→ **WHAT YOU HAVE TO DO**: Using the entries below, output exactly the line containing "Some of the text" and all lines that follow it to the end.

→ **SUPPLIED MATERIAL**:
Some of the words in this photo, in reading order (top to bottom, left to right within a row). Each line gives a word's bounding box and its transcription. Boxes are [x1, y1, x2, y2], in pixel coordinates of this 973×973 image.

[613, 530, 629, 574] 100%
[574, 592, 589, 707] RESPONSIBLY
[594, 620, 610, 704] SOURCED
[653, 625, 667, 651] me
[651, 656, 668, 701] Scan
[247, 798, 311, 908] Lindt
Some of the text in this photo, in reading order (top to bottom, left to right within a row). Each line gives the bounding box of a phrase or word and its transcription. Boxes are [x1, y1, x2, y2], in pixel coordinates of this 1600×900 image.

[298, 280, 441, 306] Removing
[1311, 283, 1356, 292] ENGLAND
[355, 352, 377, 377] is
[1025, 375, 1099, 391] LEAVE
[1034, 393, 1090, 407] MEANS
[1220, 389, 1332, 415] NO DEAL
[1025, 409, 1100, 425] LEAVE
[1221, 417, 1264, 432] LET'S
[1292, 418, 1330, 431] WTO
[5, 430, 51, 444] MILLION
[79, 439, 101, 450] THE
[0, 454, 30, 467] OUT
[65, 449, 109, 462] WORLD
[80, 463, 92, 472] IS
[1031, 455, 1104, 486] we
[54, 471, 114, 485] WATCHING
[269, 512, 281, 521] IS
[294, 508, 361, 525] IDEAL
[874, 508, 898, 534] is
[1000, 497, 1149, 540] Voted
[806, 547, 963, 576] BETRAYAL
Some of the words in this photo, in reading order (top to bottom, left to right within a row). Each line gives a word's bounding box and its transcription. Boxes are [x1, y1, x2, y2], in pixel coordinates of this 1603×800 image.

→ **ANSWER SECTION**:
Some of the text in this photo, in reading order (top to bottom, left to right within a row). Each line gives the bounding box of a phrase or word and its transcription. Boxes are [x1, y1, x2, y2], in pixel coordinates of this 1600×900 image.

[298, 280, 441, 306] Removing
[1311, 283, 1356, 292] ENGLAND
[355, 352, 377, 377] is
[1025, 375, 1099, 391] LEAVE
[1034, 393, 1090, 407] MEANS
[1220, 389, 1332, 415] NO DEAL
[1025, 409, 1100, 425] LEAVE
[1221, 417, 1264, 432] LET'S
[1292, 418, 1330, 431] WTO
[5, 430, 51, 444] MILLION
[79, 439, 101, 450] THE
[0, 454, 30, 467] OUT
[65, 449, 109, 462] WORLD
[80, 463, 92, 472] IS
[1031, 455, 1104, 486] we
[54, 471, 114, 485] WATCHING
[269, 512, 281, 521] IS
[294, 508, 361, 525] IDEAL
[874, 508, 898, 534] is
[1000, 497, 1149, 540] Voted
[806, 547, 963, 576] BETRAYAL
Some of the words in this photo, in reading order (top to bottom, left to right within a row). Each line gives a word's bounding box and its transcription. Boxes are [x1, y1, x2, y2], in pixel coordinates of this 1603×800 image.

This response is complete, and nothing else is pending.